While we support the proposed deployment, there's something a little unsettling about the prospect of deploying an anti-missile shield to protect countries (Germany, France) that have done little to help the U.S. in recent years. Admittedly, the missile defenses on the continent will eventually protect the CONUS, but our European "friends" will be the immediate beneficiaries, including those who have pursued an anti-American foreign policies. Unfortunately, our missile defenses are not advanced enough to protect our true friends (Poland, Denmark, the U.K., Slovakia, Bulgaria, etc), while omitting those who have opposed us.

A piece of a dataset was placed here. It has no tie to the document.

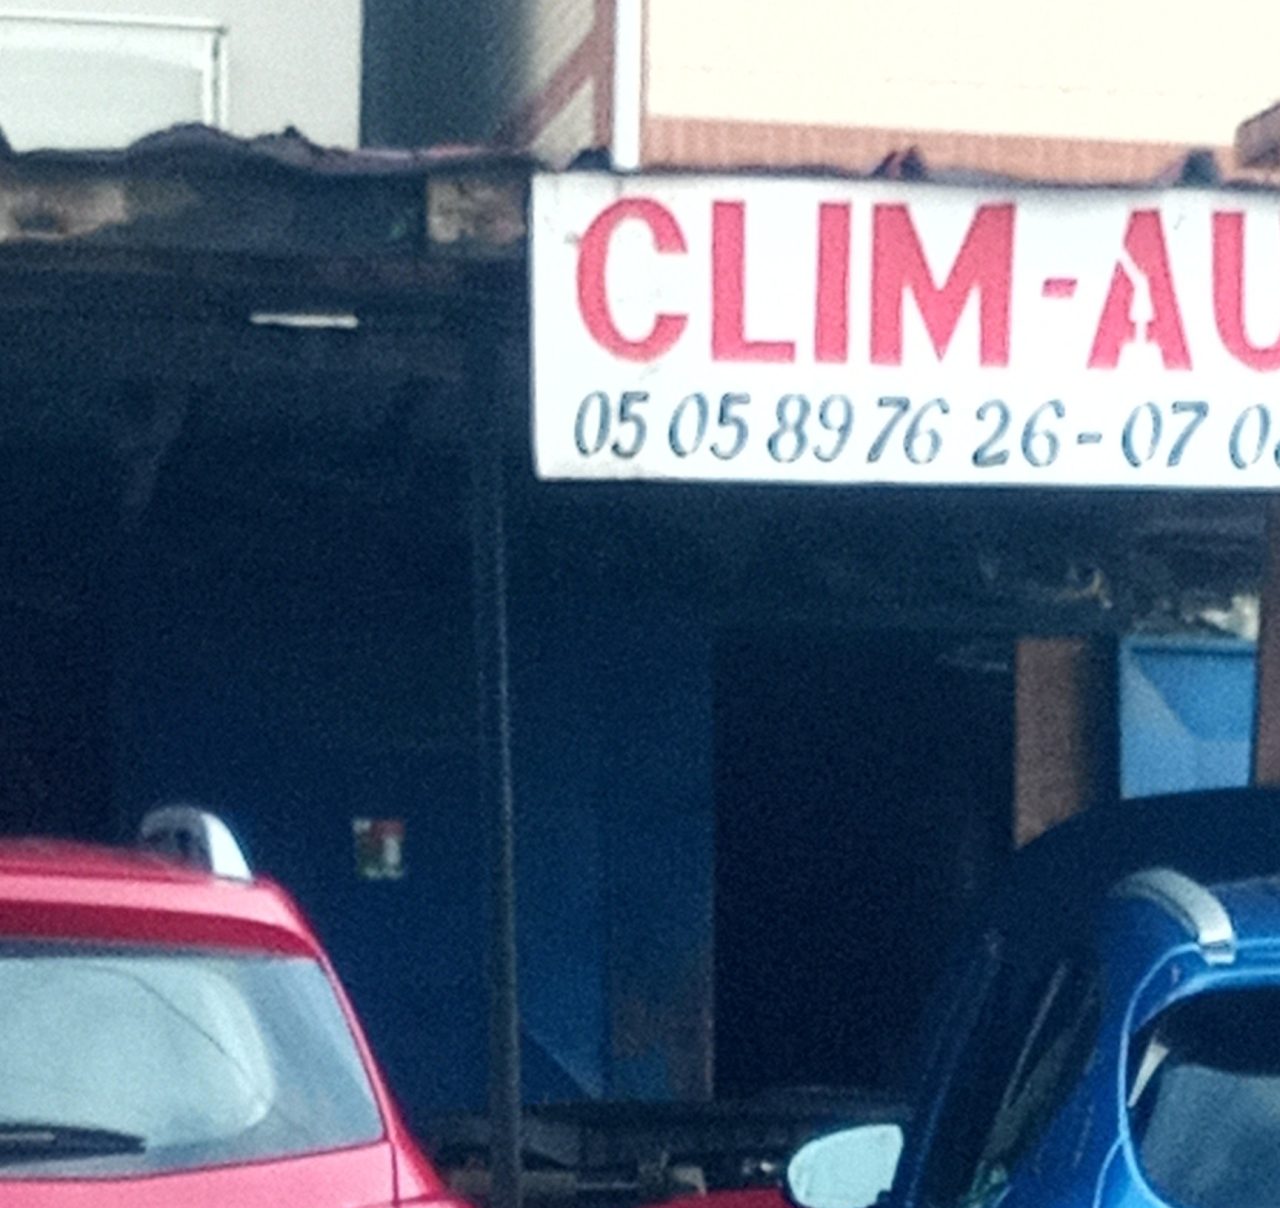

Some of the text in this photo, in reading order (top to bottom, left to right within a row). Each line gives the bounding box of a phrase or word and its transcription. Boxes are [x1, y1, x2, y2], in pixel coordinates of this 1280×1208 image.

[573, 391, 650, 459] 05
[668, 391, 751, 461] 05
[766, 394, 854, 463] 89
[866, 397, 950, 465] 76

The U.S. has hinted at something of a partnership on this issue, promising that the proposed missile defenses will be consistent and compatible with any anti-missile interceptors developed by the Europeans. Don't hold your breath. European efforts in this area have lagged well behind the U.S., and for obvious reasons. Not only is it politically impossible to develop a European system, there was always the overriding belief that Good Ol' Uncle Sam would eventually step in, and deploy a system. That way, the Europeans can have it both ways: criticize the U.S. for being provactive (in fielding missile defenses on the continent), while, at the same time, reaping the benefits of that deployment. It happened before with the GLCM and Pershing II deployments in the 1980s, and it could well happen again, with the anti-missile base in eastern Europe.
The boys in Paris must be smiling right about now.